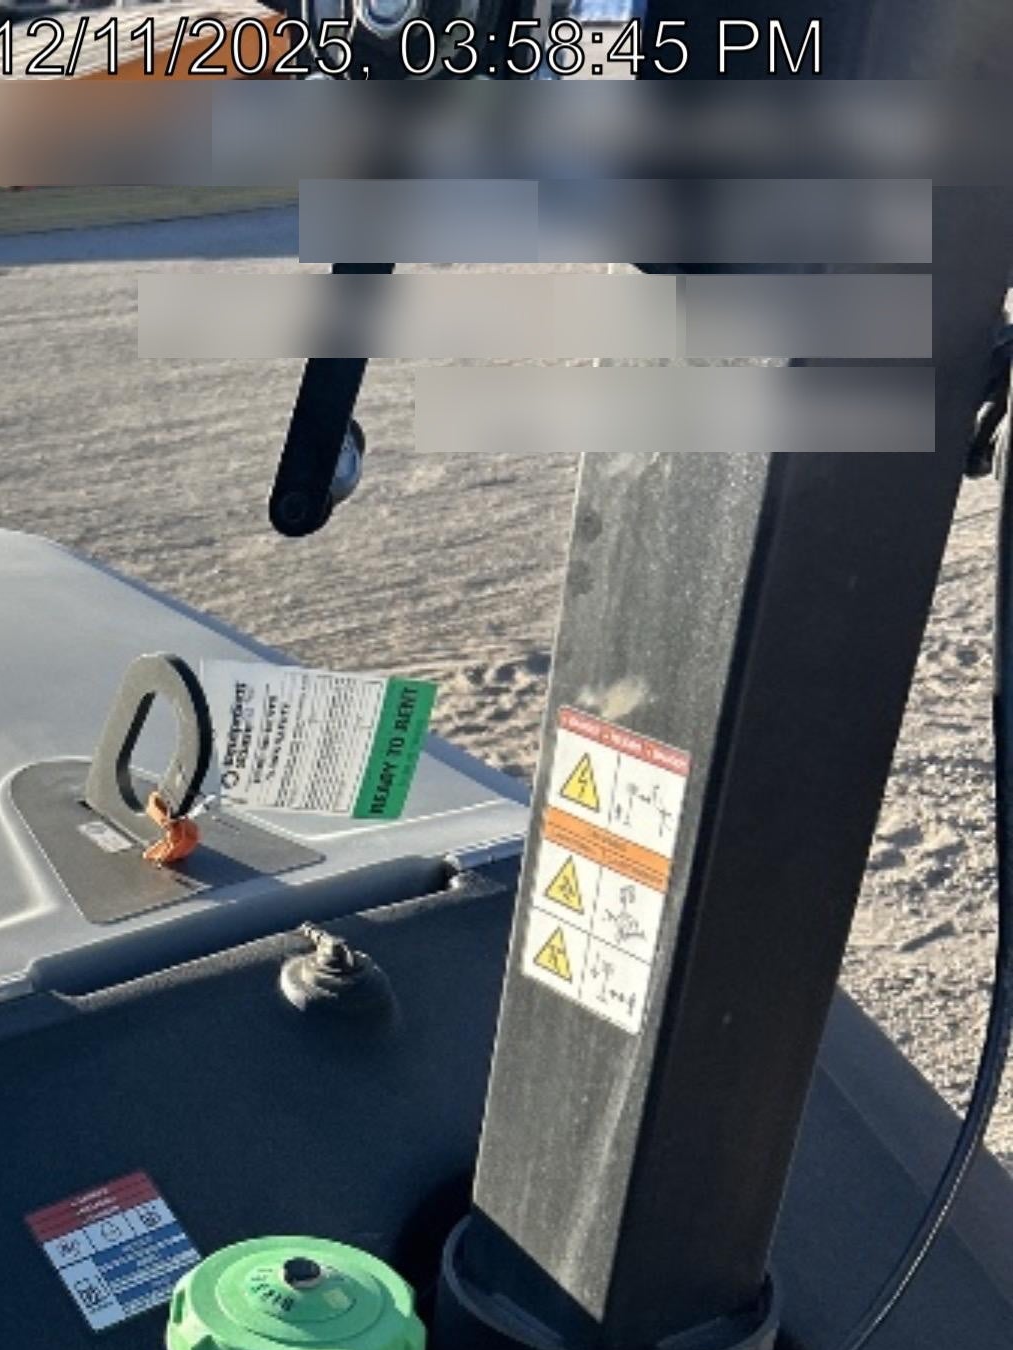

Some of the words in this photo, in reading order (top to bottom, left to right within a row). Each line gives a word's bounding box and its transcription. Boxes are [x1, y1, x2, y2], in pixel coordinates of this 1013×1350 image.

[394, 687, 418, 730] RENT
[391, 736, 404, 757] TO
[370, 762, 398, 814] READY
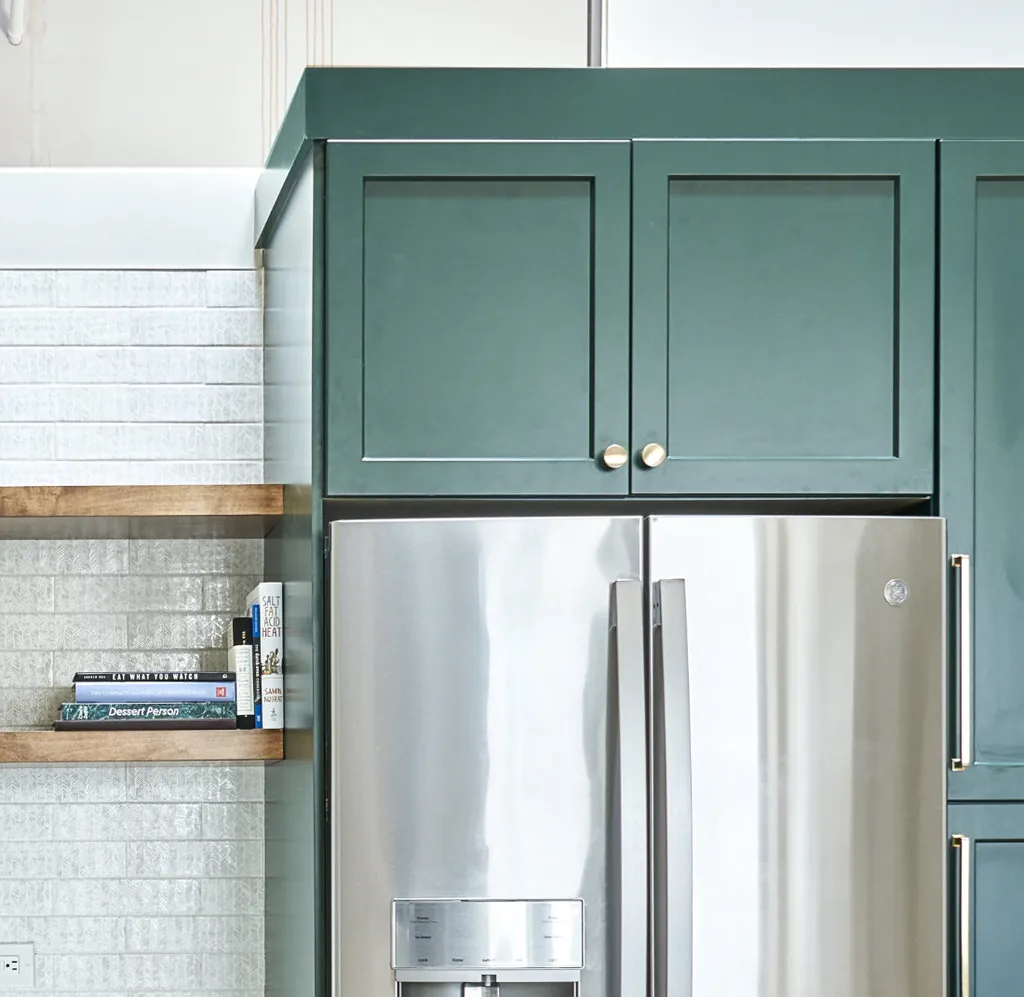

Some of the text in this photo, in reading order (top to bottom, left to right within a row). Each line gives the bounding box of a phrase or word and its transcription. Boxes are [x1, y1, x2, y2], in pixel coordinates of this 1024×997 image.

...

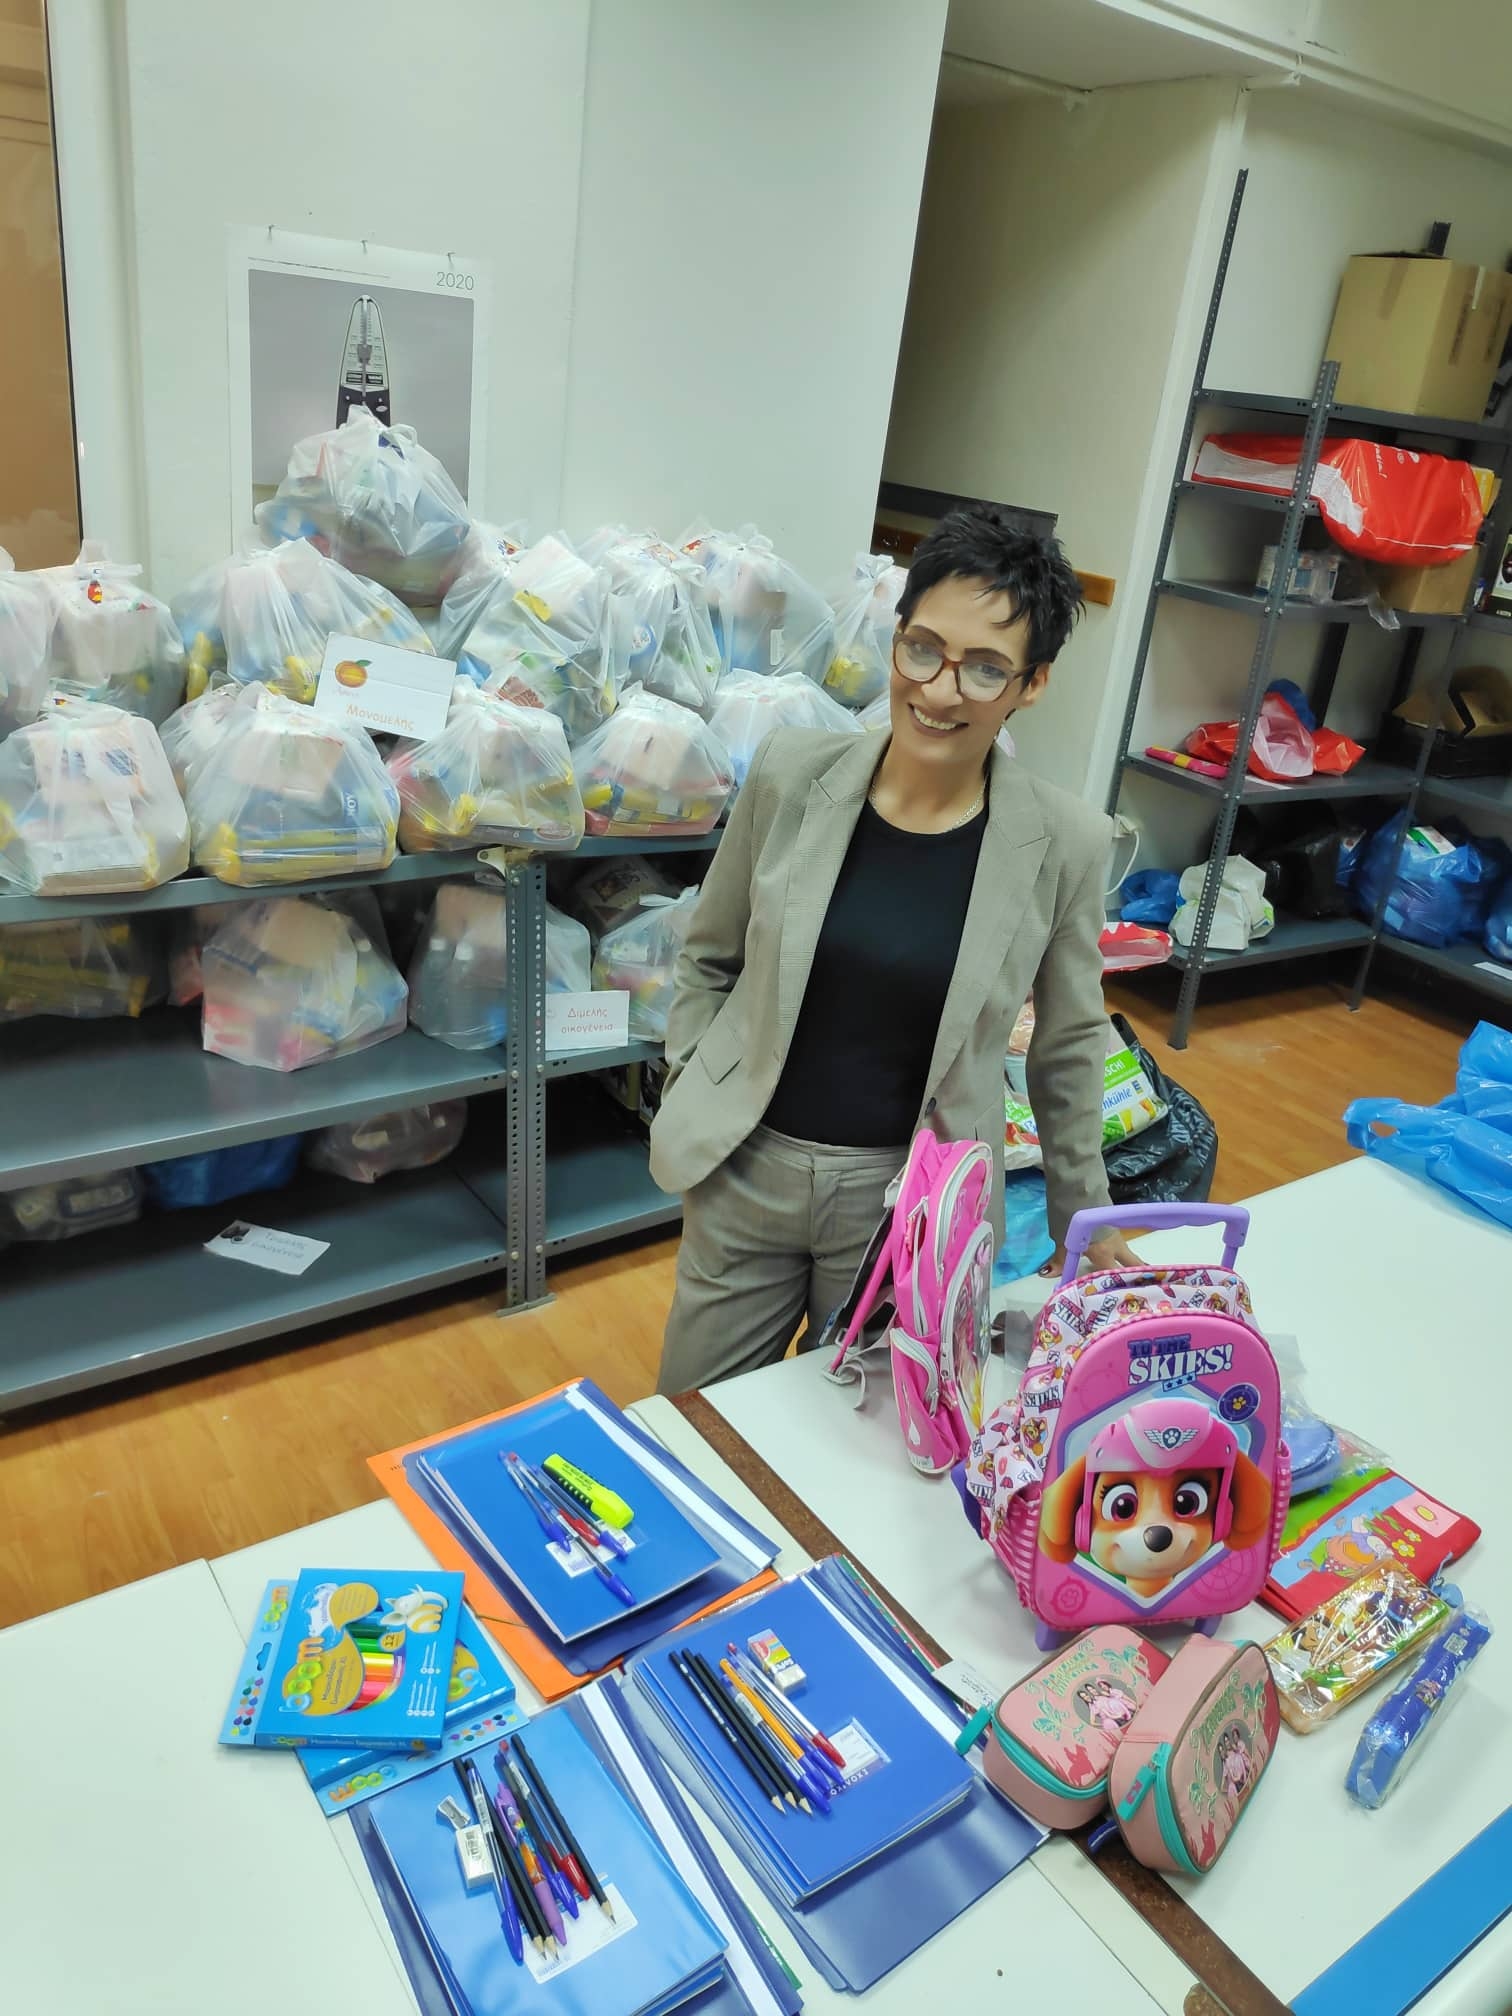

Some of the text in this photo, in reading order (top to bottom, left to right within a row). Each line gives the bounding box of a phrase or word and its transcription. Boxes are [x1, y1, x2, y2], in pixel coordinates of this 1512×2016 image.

--

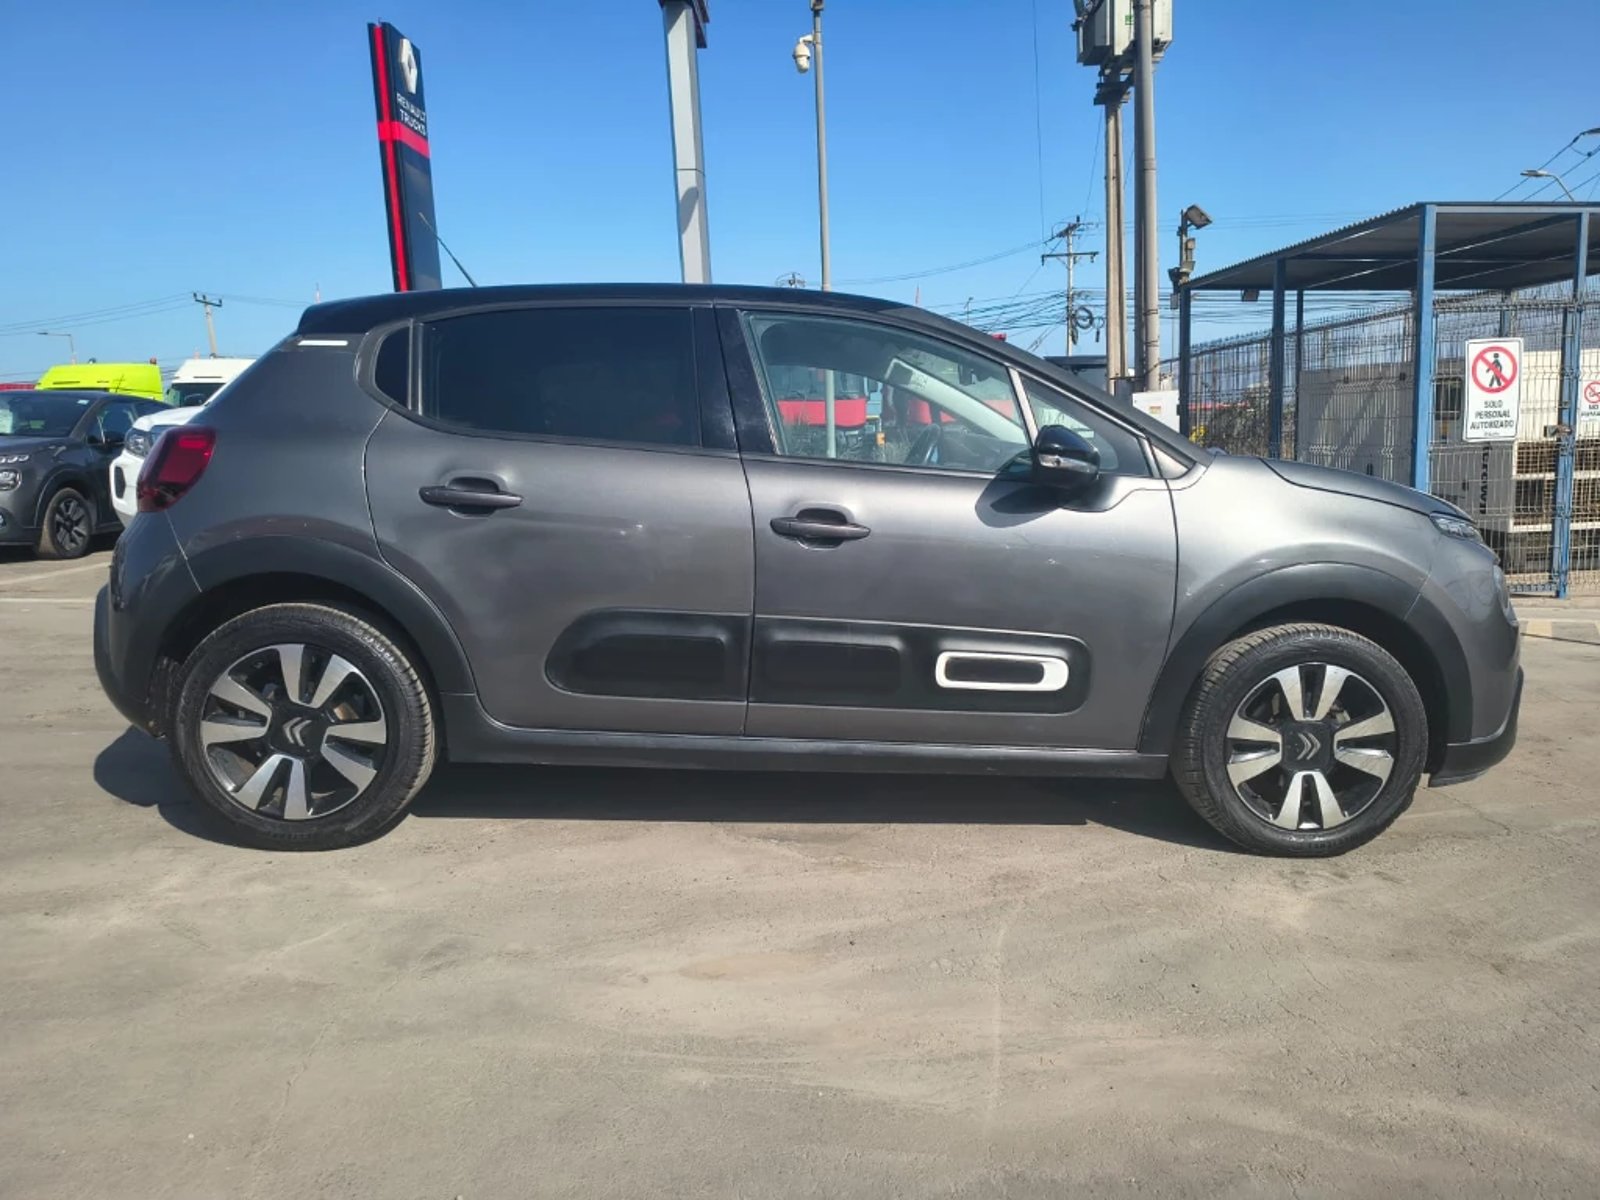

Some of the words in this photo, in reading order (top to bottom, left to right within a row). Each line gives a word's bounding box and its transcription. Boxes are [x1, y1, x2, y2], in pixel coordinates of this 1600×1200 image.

* [HOW TO COMPLETE THIS TASK] Every line above that contains the word "text" should be reported.

* [ANSWER TO THE PROBLEM]
Some of the text in this photo, in reading order (top to bottom, left to right within a row). Each line gives the bounding box of a phrase or word and its transcription. Boxes are [x1, y1, x2, y2], in pixel coordinates of this 1024×997 image.
Some of the text in this photo, in reading order (top to bottom, left to right within a row). Each line gives the bounding box of a phrase or word and its transcription. Boxes are [x1, y1, x2, y2], in pixel coordinates of this 1512×2016 image.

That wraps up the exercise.